No dia 25 de Maio de 1992, Joana perdeu seu filho. Ele tinha 35 anos e era a luz de sua vida. Tinha olhos claros e cabelo louro, ela o via como um anjo na terra. Sua vida mudou para sempre. Ela jamais se recuperaria dessa perda. Passou meses chorando. A única coisa que ela tinha que lhe dava alguma força para viver era uma netinha, Luna. Toda vez que Luna a via chorar, se aproximava dela para lhe fazer um afago, secar suas lágrimas e dizia: “Não chore vovó.”
Aos poucos Joana foi se entregando para essa netinha. Talvez como uma forma de manter-se viva. Foi focando toda sua atenção nessa menina, projetando todo seu amor perdido em cima dela. Passou a se preocupar exclusivamente dela. Pensava o dia inteiro, toda hora, a cada segundo que passava na neta. Para não olhar pro seu vazio, o preenchia de mais e mais Luna.
Alguns anos se passaram e os pais de Luna se separaram. Seu pai foi embora para nunca mais voltar e a mãe estava trabalhando, não tinha tempo de ficar com ela. A avó prontamente ficou a cargo da amada netinha. Ela buscava Luna no colégio, levava pra natação, fazia suas unhas, cortava seu cabelo, lhe dava banho, comprava revistas… Tudo para Luna.
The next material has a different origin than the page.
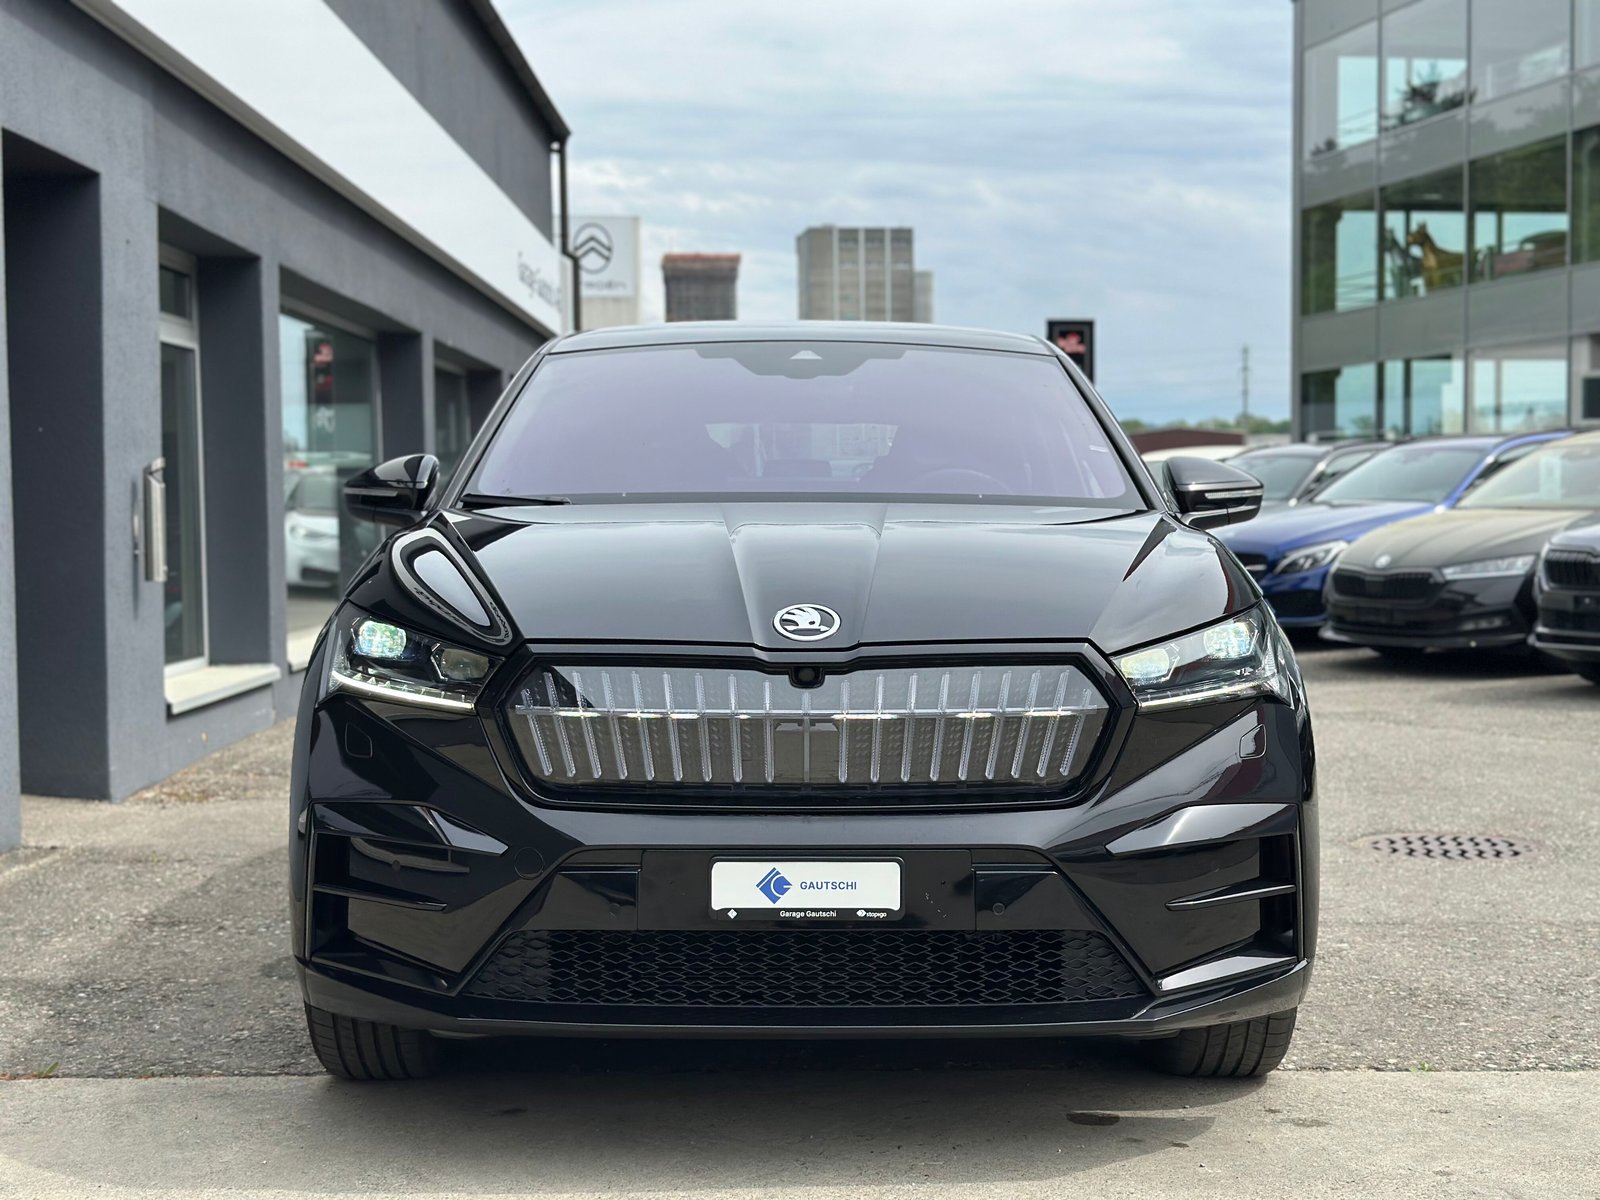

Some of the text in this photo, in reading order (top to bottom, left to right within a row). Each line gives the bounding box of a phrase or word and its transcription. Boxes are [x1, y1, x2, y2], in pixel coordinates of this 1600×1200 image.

[800, 882, 857, 890] GAUTSCHI
[780, 910, 837, 918] Garage Gautschi
O tempo todo.
Essa avó também buscava problemas pra ocupar a cabeça. E passou a focar toda sua energia no pai de Luna. Ela passava o dia xingando ele, transformando ele em um verdadeiro monstro aos olhos de sua filha. Não parava de falar um segundo do mal caráter que ele era. Luna não entendia perfeitamente porque ele tinha ido embora e foi obrigada a parar de amá-lo para não desagradar a avó. Na verdade, sem pai e nem mãe, Luna só tinha aquela referência de amor.
Às vezes ela queria cobrir as orelhas com as mãos e gritar para que a avó parasse de xingar seu pai mas só ficava calada. Aos poucos foi criando alguns mecanismos próprios de defesa, começou a focar sua atenção em outra coisa quando a avó começava a falar. Toda vez que ela abria a boca, sua atenção imediatamente se fechava. A avó podia falar durante horas que Luna já não ouvia mais.
Ela foi crescendo e o foco da sua avó seguia firme e forte em cima dela. Agora menos no seu pai, ela passou a reparar no seu cabelo, unhas, roupas, corpo, estudos, amigos… Queria saber onde estava a neta o tempo todo. Ligava pra sua casa 5 vezes ao dia perguntando sobre ela. Luna já estava se tornando uma adolescente mais rebelde e rejeitava todos os conselhos conservadores e preconceituosos da avó silenciosamente em sua mente.
Ela cresceu ainda mais, a avó sem largar a mão do vício na neta. Luna já a odiava. Odiava aquele papel que ela não teve escolha de assumir. Odiava ouvir a voz da sua avó. Odiava que aquela era a pessoa que mais lhe amava no mundo. Odiava esse amor.
A vida acabou decepcionando Luna de diversas formas e ela começou a fechar sua atenção para todas as pessoas, como fazia com a avó. Quando as pessoas falam com ela, ela responde sem quase perceber sua presença. Todos se tornaram espíritos ao seu redor. Vagando pela vida de Luna. Ela já não consegue mais ouvir o outro. Só escuta a si mesma, passa o dia inteiro falando consigo mesma na sua cabeça.
Mas agora Luna já está com 27 anos e sua avó ainda a obsedia. Ela agora mora com a avó por questões com a mãe e a avó tomou para si todo o papel de sua criação. Ela não consegue se libertar dessa avó. Ela não consegue nem se sustentar sem essa avó. Ela vive para alimentar essa avó de energia. Seja discutindo, seja brigando, seja conversando e fingindo que se amam. Luna não tem certeza se ama a avó ou odeia mas ela acaba fingindo que ama porque precisa dela pra tudo. Ela se permite obsediar por interesses de sobrevivência. Ela sente uma culpa terrível nessa co-dependência.
Luna não acredita que pode se libertar dessa relação. Ela não se sente no direito de abandonar sua avó que tanto a ama. E não há maneiras de diminuir essa obsessão, ela já tentou conversar várias vezes. É mais forte que Joana. É mais forte que Luna.
Só que Luna está cansada de ficar só. De viver apenas para sua avó. Está cansada de não ouvir o outro. Está cansada de não valorizar as palavras alheias. Está cansada de só conversar consigo mesma. Luna está muito cansada e só quer ser deixada em paz.